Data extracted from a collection

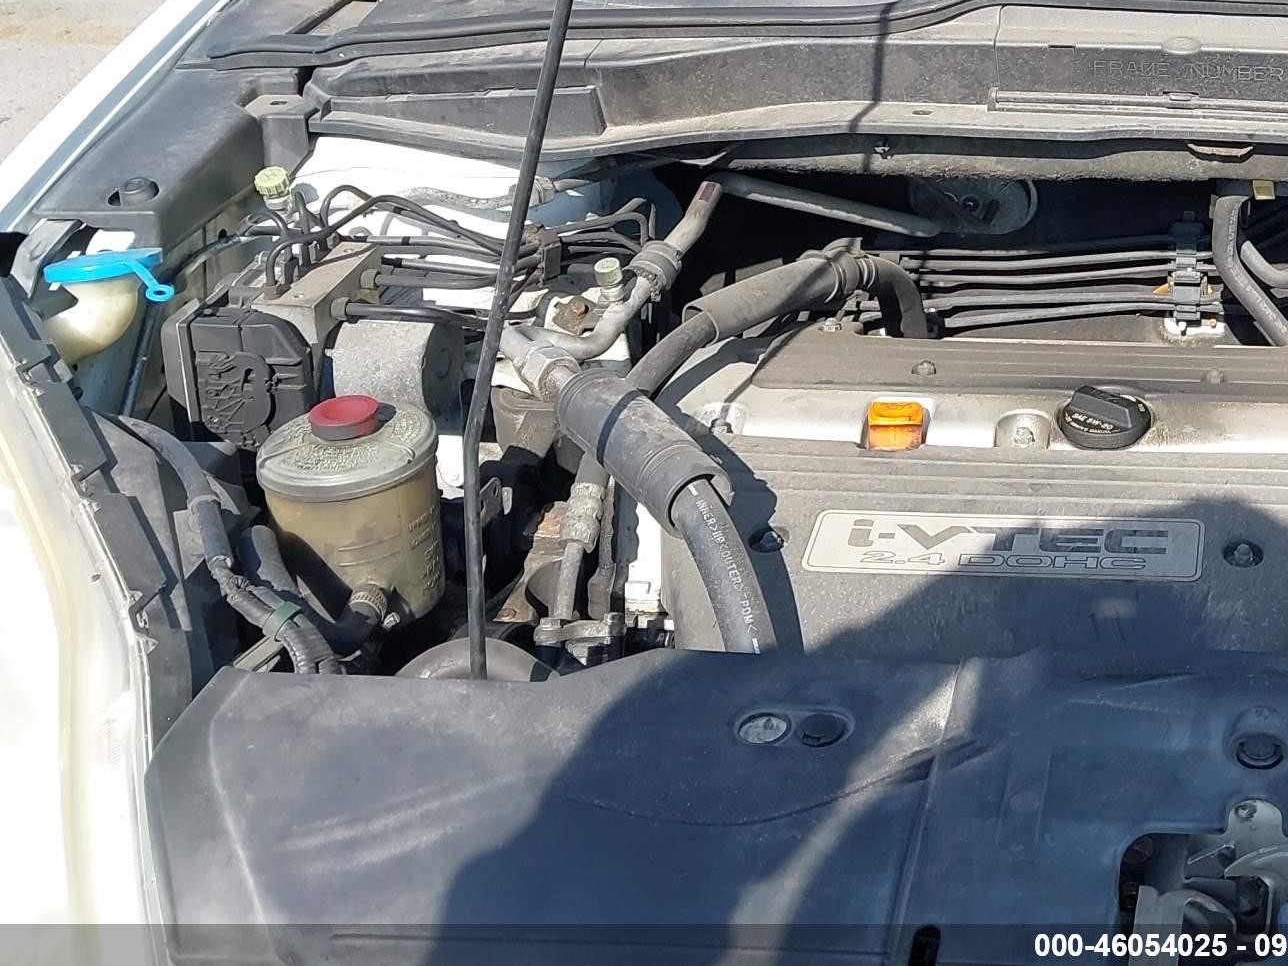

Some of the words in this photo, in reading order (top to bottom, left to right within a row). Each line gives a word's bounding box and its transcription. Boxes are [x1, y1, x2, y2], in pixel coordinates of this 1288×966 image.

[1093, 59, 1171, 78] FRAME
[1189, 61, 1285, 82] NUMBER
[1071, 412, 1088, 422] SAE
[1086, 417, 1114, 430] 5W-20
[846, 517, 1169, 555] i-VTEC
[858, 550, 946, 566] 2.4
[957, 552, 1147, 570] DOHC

YOUR OBJECTIVE
The answer consists of the records repeated exactly, without any images.

PROBLEM SOLUTION
Some of the words in this photo, in reading order (top to bottom, left to right within a row). Each line gives a word's bounding box and its transcription. Boxes are [x1, y1, x2, y2], in pixel coordinates of this 1288×966 image.

[1093, 59, 1171, 78] FRAME
[1189, 61, 1285, 82] NUMBER
[1071, 412, 1088, 422] SAE
[1086, 417, 1114, 430] 5W-20
[846, 517, 1169, 555] i-VTEC
[858, 550, 946, 566] 2.4
[957, 552, 1147, 570] DOHC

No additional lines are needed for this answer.